Please realized that for individual molecules, the spacing of these energy levels is discrete, as
quantum physics tells us they must be. However, because there are large numbers of molecules
participating in the phase change process, and since our typical atmospheric temperatures are relatively high, the quantum nature of this process becomes “smoothed out” on average. Hence, we
see a continuous variation of the latent heating with temperature.
Liquid vs. Ice
If you compare the variation of the latent heat of sublimation (Ls) with the latent heat of vaporization (Lv) given in Table 2.1 of Rogers and Yau, you will notice that as T decreases from 0 to -40,
Lv increases much more rapidly than does Ls. The increase in Ls was explained above. However,
now we need to explain why Lv would increase faster than Ls. The reason for this behavior has to
do with the number of bonds that are broken in liquid water & how this number varies with temperature.
If we examine Table 3.1 in Pruppacher and Klett, we see that the percentage of broken bonds in
liquid water increases as T increases. This is to be expected for reasons that we discussed in class:
Higher temperatures lead to more energetic molecules & so the chance that bonds will be broken
in the liquid increases.
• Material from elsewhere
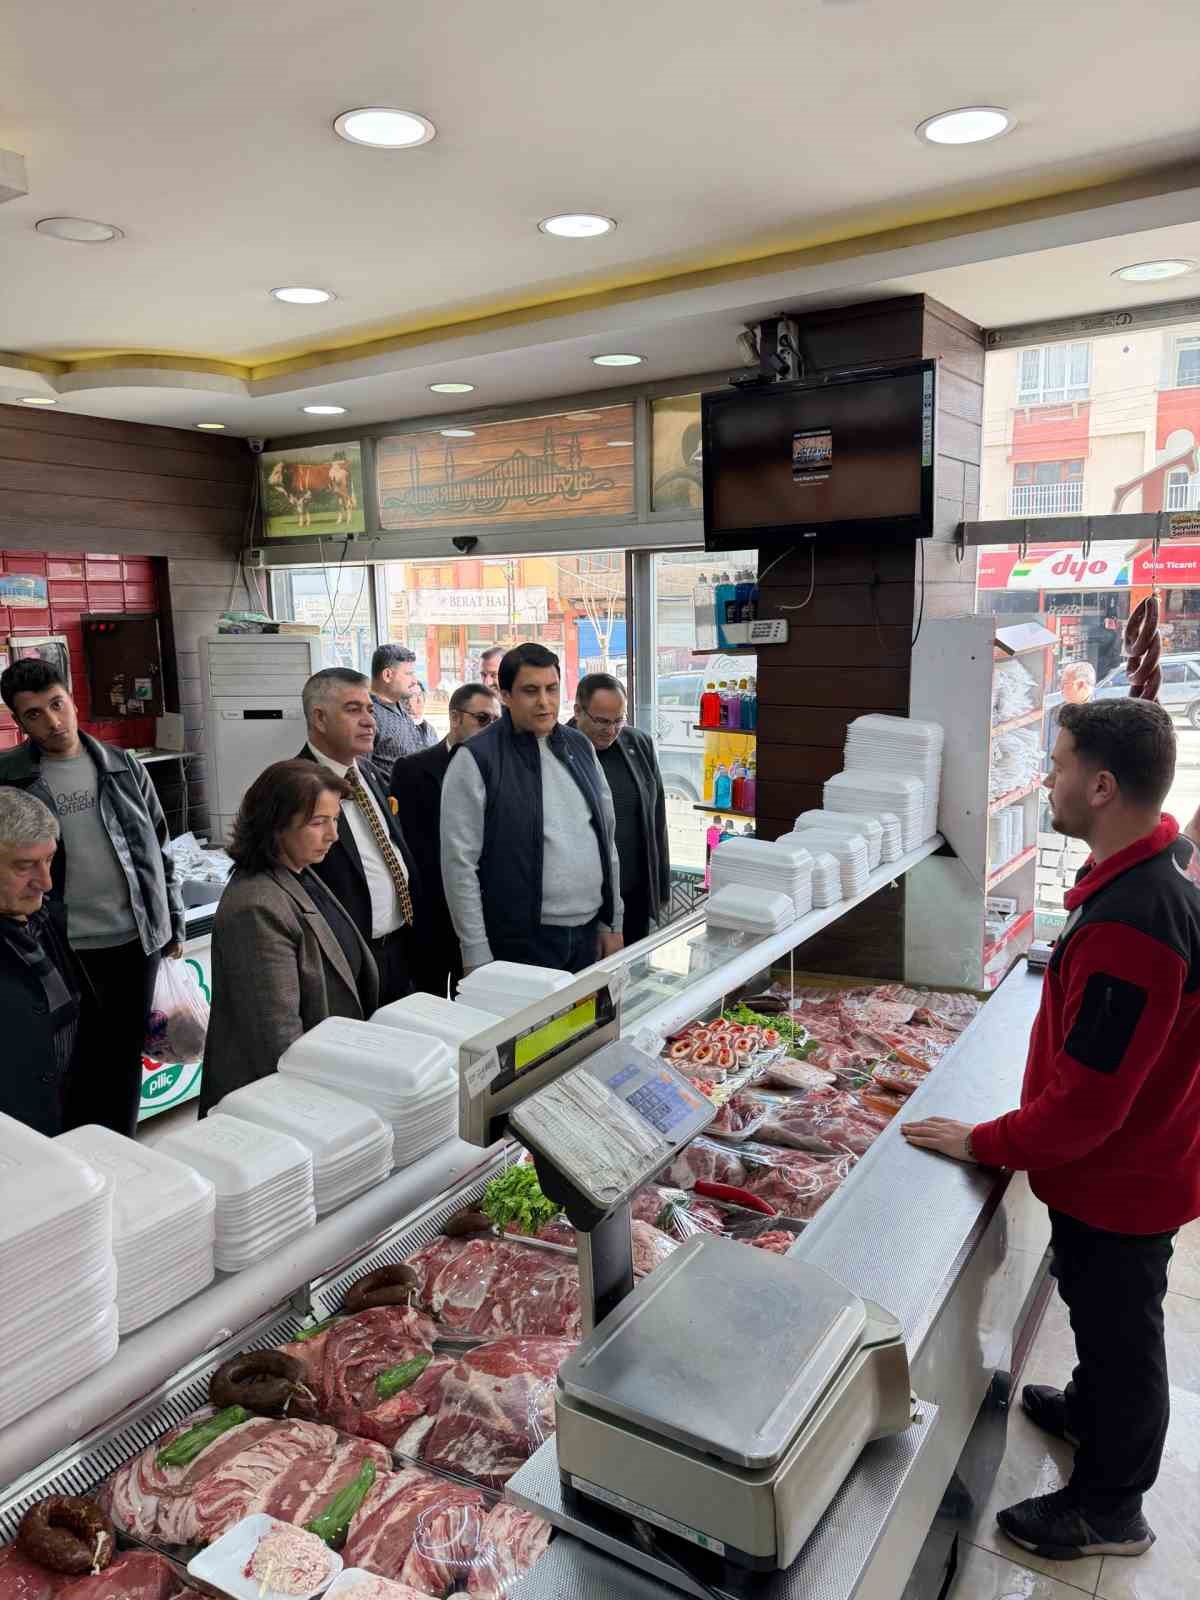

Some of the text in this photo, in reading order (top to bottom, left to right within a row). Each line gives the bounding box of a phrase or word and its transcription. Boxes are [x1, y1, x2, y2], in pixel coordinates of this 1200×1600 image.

[1051, 554, 1108, 582] dyo
[1167, 560, 1196, 570] Ticaret
[449, 595, 481, 607] BERAT
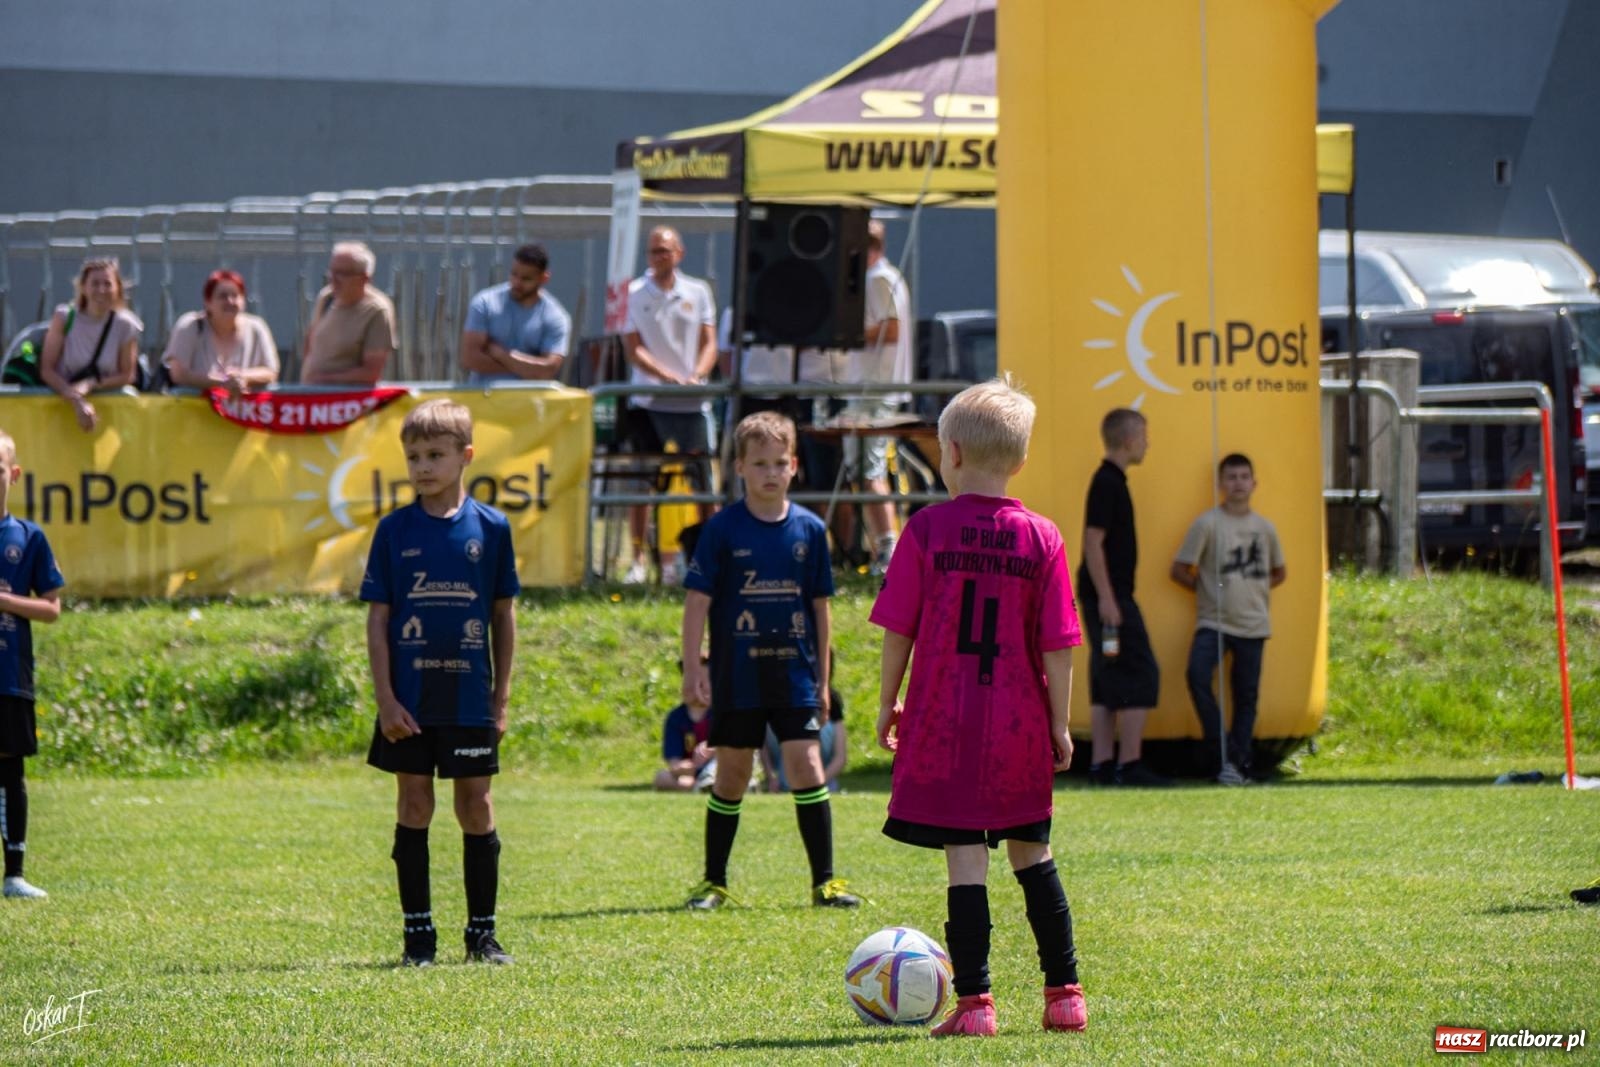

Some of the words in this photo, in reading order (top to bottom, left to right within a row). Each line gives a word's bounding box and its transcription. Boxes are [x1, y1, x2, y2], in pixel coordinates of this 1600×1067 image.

Herein lies the reason for the more rapid increase of Lv with decreasing T:
It is due to the fact that fewer bonds are broken as T decreases. Hence, in liquid water, Lv will
increase with decreasing T because:
(1) Bond energy itself is increasing (as Table 3.1 of Pruppacher & Klett shows)
(2) Fewer bonds remain broken in the liquid.
Think of it this way, let’s say I have some liquid water at -10C. If I evaporate all of this liquid
water, while keeping the temperature constant, I’d need to supply a certain amount of energy.
Now, let’s say I cool this water to -20C. Now, I’d need to supply a greater amount of energy if I
wanted to evaporate the water. Why? Well in the first place, the bond energies have increased. But,
in addition to that, I have fewer broken bonds at -20C than at -10C. This means that I will have to
supply an even greater amount of energy.
Please note one extra fact: As T approaches -45C, Lv approaches Ls! At this temperature, the two
latent heats become the same. (Why should this be the case?)